There’s definitely a lot of provider and patient education that is needed to help close the gap. One of the other aspects that I still see people struggle with is that providers come to me and say, “How is it that the FDA did a phase 3 randomized control trial in 1 indication and then extrapolated it to 7 different indications?” There’s definitely an education gap in terms of the whole process, besides the definition, from my perspective.

Bruce Feinberg, DO: Bhavesh, you bring up some great points. The first point has to do with the clinical trial design by which biosimilars gain their approval. Their comparison to the reference brand was often in a noninferiority trial. We have a trial design in and of itself that is held as more suspect in the world of oncology. Then we have the issue of extrapolation across indications, which is also something that is anathema in oncology, whereas it may be accepted in inflammatory diseases to a greater degree. Then we’ve got this issue of interchangeability, which is problematic. To some degree, interchangeability is difficult even for the reference brand because of the manufacturing process, in which that product continues to evolve. The Rituxan [rituximab] that was manufactured 20 years ago may be very different from the Rituxan that is being manufactured today. Could you touch on that for a moment too?

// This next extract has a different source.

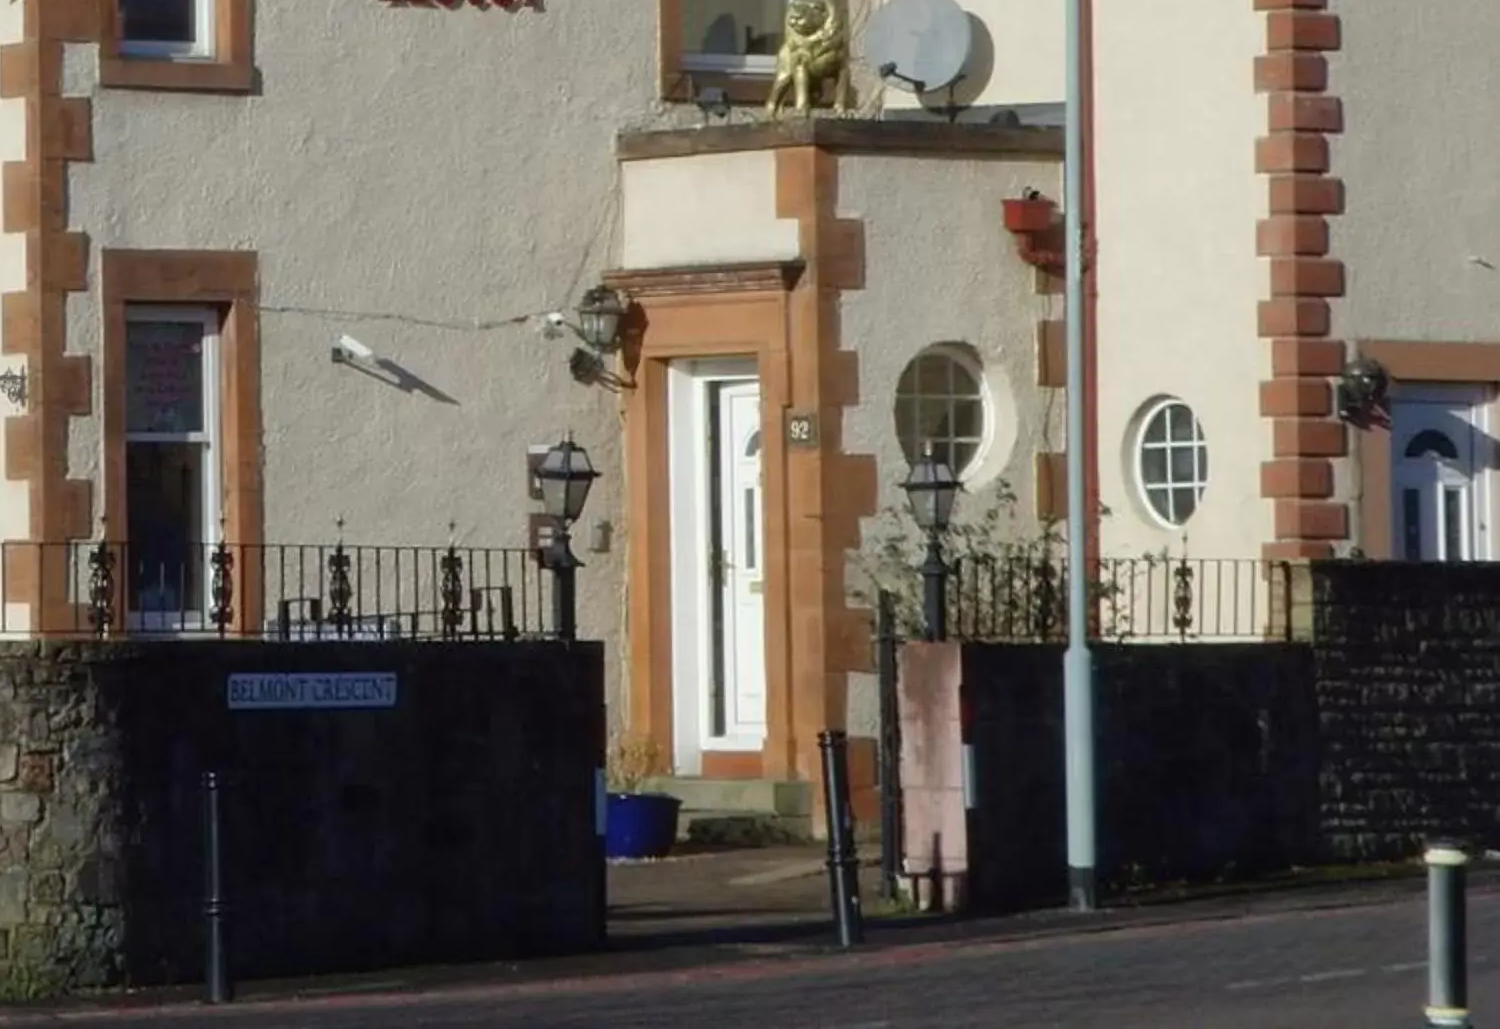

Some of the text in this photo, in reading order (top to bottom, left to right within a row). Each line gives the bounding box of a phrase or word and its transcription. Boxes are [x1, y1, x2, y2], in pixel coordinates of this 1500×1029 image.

Bhavesh Shah, RPh, BCOP: Sure. I think the manufacturing is a different aspect, as well. Another myth that I have always heard is that each lot of rituximab is a biosimilar of itself, and that’s not true because the manufacturing process is completely different—it is called product drift—versus a biosimilarity process that is established for a biologic to go through to be approved as a biosimilar. There are actually critical quality attributes that the manufacturing process has established from the reference product and basically, the manufacturer has to meet those critical quality attributes for it to go into production. Outside that reference range, there are implications on the mechanism of action and the potency of the drug. Those reference ranges are established more for manufacturing and not for a biosimilarity product process.

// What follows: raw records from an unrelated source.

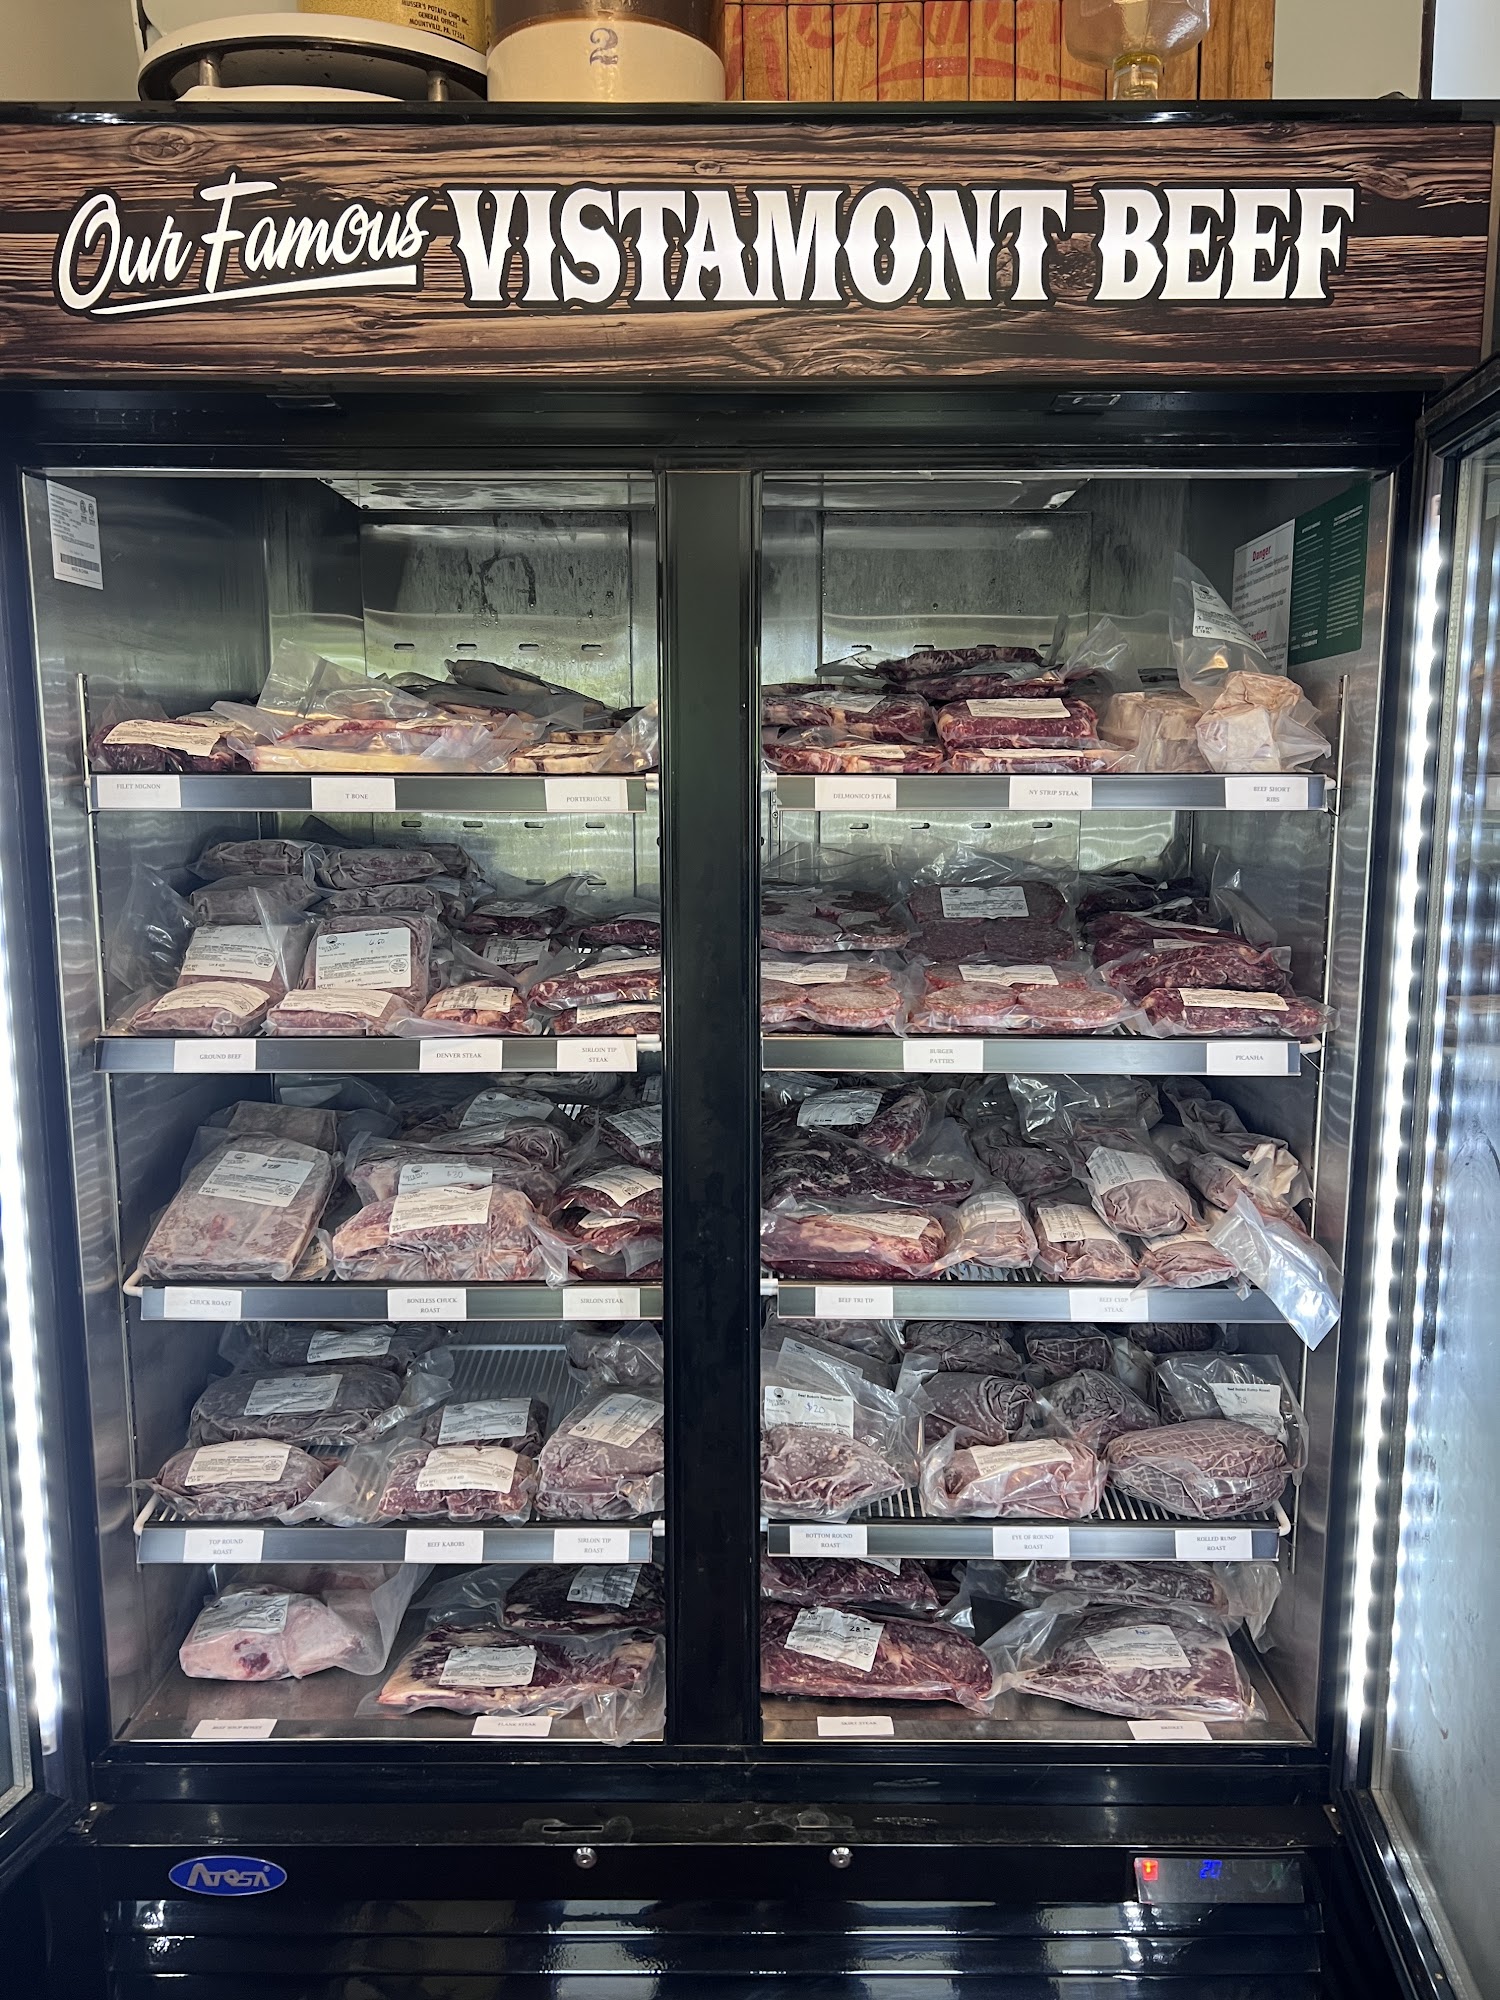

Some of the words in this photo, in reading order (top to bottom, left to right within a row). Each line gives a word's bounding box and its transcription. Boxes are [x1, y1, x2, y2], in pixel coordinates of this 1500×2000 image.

[428, 5, 447, 16] POTATO
[418, 11, 440, 22] GENERAL
[441, 17, 458, 28] OFFICES
[589, 27, 619, 65] 2
[60, 193, 193, 309] Our
[200, 172, 430, 294] Famous
[446, 187, 1067, 303] VISTAMONT
[1094, 187, 1355, 301] BEEF
[1252, 545, 1271, 561] Danger
[805, 1402, 825, 1413] $20
[1199, 1859, 1223, 1880] 20

Bruce Feinberg, DO: That’s great. That is the kind of answer that really gets people to open their eyes and say, “Wow, this is more complicated.” This is an aspirin where 21 atoms are going to now be made by someone else who is going to string together 21 atoms, and it’s going to be exactly the same. These are the exact same chemical. There are no differences among them. You can call them something different, but it is what it is. When you get into 20,000 atoms that are not identically strung together, then you have to look not at their chemical signature and identity but more in some kind of a surrogate by which you say they’re equivalent. It almost becomes more about the process of manufacturing than it does the end product.

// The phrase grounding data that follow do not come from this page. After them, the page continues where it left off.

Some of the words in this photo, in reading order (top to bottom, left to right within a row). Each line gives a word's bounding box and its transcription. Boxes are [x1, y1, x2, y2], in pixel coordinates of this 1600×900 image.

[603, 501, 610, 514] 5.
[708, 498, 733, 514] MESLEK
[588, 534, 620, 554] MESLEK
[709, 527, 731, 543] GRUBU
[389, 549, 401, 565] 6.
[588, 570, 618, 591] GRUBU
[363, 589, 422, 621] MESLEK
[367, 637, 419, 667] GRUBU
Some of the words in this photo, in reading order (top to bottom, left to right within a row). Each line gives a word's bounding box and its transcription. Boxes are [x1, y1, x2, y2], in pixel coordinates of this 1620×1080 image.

Michael Diaz, MD: Whenever I’m trying to explain things to patients, as you alluded to, generic medications are a simple molecule that is made in a chemical process in a chemical plant. It has 1 unique structure. These are chains of hundreds, if not thousands, of those molecules that are assembled by a living organism, and by nature, it’s much more complex. There are all sorts of subtle differences that can exist and develop even in the same process over time. Not only that, but whenever you’re looking at it for an indication—and I’ll use filgrastim as an example—there are many different indications for the use of this medication to stimulate the growth of white blood cells. But in each of these indications, they might be stimulated for different reasons. You’re looking at not only different drugs or different biosimilars but also different, unique applications.